Speaker to Animals wrote:The whole business of speaking of it in terms of rights is silly. It's something most of us want to provide to people as long as we can afford it. That's not a right. It's a privilege of being an American.
That said.. this is fucking unbelievable. These cuckservatives will be the death of us. We might as well just let Obamacare die and put the uninsured on Medicare. I am not sure how to fund that. Maybe we should double our Medicare taxes to cover the uninsured? I don't really know. But that can't be worse than this.
+1
The problem with single payer health care is that you put full control over the market into the hands of the government.
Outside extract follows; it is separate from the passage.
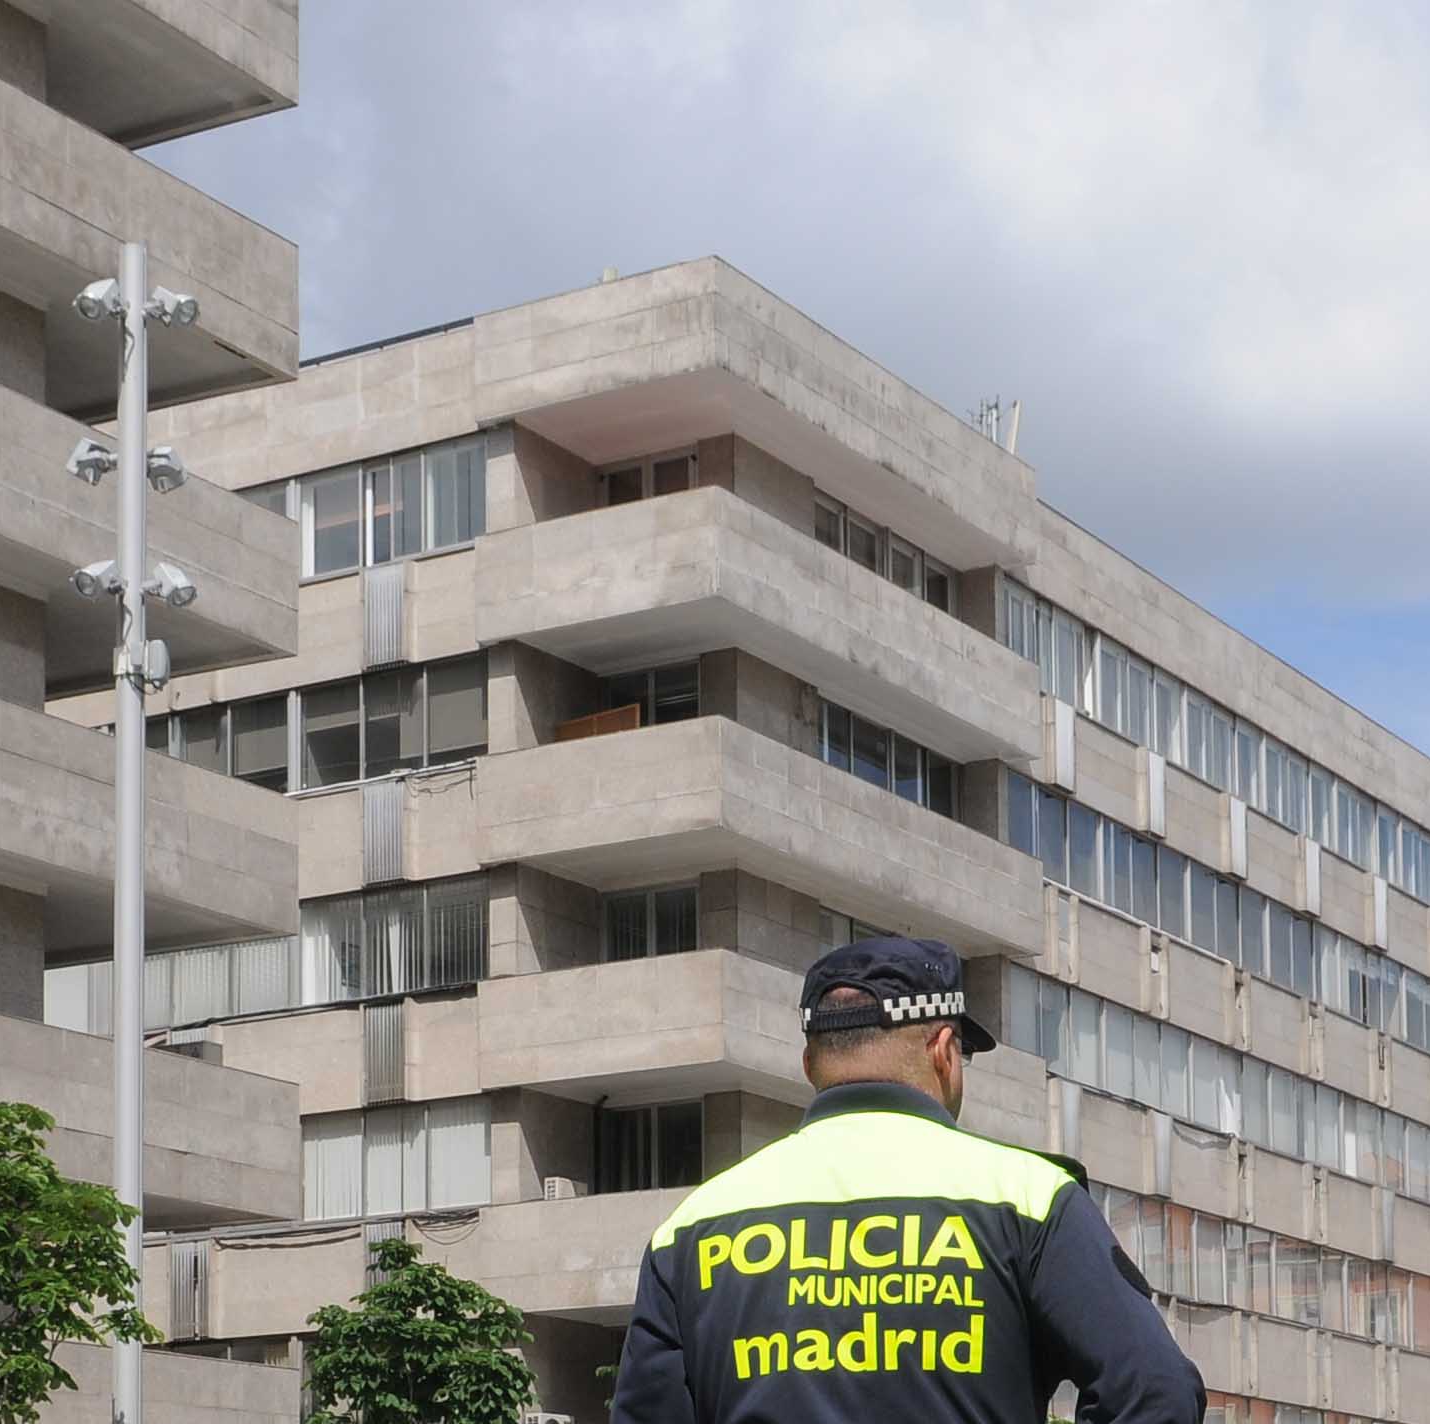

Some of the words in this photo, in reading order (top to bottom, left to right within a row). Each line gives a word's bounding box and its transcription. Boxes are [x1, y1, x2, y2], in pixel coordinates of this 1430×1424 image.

[698, 1215, 985, 1290] POLICIA
[788, 1274, 985, 1307] MUNICIPAL
[733, 1312, 985, 1380] madrid
If your government is responsible, maybe they do a decent job and people get good care. If your government is the US government, well we already HAVE the VA health care system and Medicare, and we've seen how badly they are managed. The US government spends as much per citizen on health care as the UK government does, but while the UK government provides universal health care with that spending in the US we get much less. And the US government doesn't get good value for its money when it spends on health care either.
Some people don't really care about this. So long as things are "fair", they don't care if that means we over-spend and under-perform. You see that same mentality with regard to public schools. And if we complain that many public schools the solution is always a generic "more money" argument, and not anything specific to DO with that money. Social services require careful oversight, since there is no market to turn to if your providers to crap work. A market punishes those whose customers are unhappy or dissatisfied because they go elsewhere, a social service often doesn't depend on results for funding though and can just become a money hole.
I really don't think many people are saying that the poor or unemployed should just die from their lack of health care and be ignored. Claiming that this is the position of one's opposition is rationally dishonest. In the US, we already do mandate that an ER has to take in any emergency case and provide treatment. And while it isn't ideal, we also have bankruptcy for those who find themselves $400k in debt and unable to pay it. For most people, it really isn't a question of whether to help those in need here, but what kind of a model will best do that. A market doesn't mean that those unable to pay are just screwed, it means that people can negotiate what they care about the most and that those who need help can be offered it through independent mechanisms. That's mostly what I'd like to see. I understand the arguments of those who want other things.